Tres jueces del TC alertan de que el tribunal promueve un "efecto desalentador" al control judicial de los nombramientos del Gobierno
Tres magistrados del Tribunal Constitucional (TC) consideran que la decisión de la corte de garantías de dejar sin efecto la anulación por parte del Tribunal Supremo (TS) del nombramiento de Eduardo Esteban como fiscal de Sala de Menores a propuesta de la ex fiscal general Dolores Delgado «provocará sin duda un efecto desalentador» en el control judicial de los nombramientos discrecionales del Gobierno.

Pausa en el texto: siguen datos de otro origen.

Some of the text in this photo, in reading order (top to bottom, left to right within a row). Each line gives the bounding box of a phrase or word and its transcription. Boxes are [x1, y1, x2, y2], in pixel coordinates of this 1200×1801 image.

Así lo exponen en su voto particular los magistrados conservadores Enrique Arnaldo, Concepción Espejel y José María Macías (uno más, Ricardo Enríquez, tampoco comparte el fallo pero no secunda este voto), para quien la decisión de la mayoría progresista supone «un lamentable retroceso en la lucha contra las inmunidades del poder público». Asimismo, consideran que la confirmación del nombramiento de Esteban (que el Supremo dejó sin efecto en dos ocasiones, la primera por falta de motivación y la segunda por haber preterido la mayor experiencia de otro candidato en la jurisdicción de menores) traslada «un mensaje inequívoco» a todos los integrantes del Ministerio Público.
A los integrantes de la carrera, se quejan, se les pretende «inocular un virus desalentador para postularse a la promoción profesional» debido a la «sistemática puesta en cuestión de las reglas de juego para la provisión de los cargos o puestos de responsabilidad». Sustituidos, denuncian, por «meros criterios subjetivos de afinidad, ideología, sintonía, perfil o modelo de fiscal» (Delgado justificó la elección de Esteban en criterios de sintonía en «política criminal»).

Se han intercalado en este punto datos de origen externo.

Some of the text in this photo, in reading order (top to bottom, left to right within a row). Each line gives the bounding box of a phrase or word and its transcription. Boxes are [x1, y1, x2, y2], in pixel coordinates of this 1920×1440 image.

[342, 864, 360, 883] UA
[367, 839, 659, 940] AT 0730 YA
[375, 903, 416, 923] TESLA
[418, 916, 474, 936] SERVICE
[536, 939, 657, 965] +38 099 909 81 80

Unos criterios que, añaden en el voto particular al que ha tenido acceso LA RAZÓN, «además de no estar previstos en la norma» suelen concentrarse «de modo estadísticamente inverosímil» en los integrantes «de una determinada asociación corporativa, de la que procedía la propia fiscal general» –en referencia a la Unión Progresista de Fiscales (UPF)–.
Un "grave quebranto"
Los magistrados disconformes entienden que el nombramiento de Esteban (a pesar de su menor experiencia en la jurisdicción de menores) acarreó un «grave quebranto» de los derechos de acceso a la función pública en condiciones de igualdad del fiscal José Miguel de la Rosa (otro de los candidatos, que recurrió esa designación al igual que hizo la mayoritaria Asociación de Fiscales).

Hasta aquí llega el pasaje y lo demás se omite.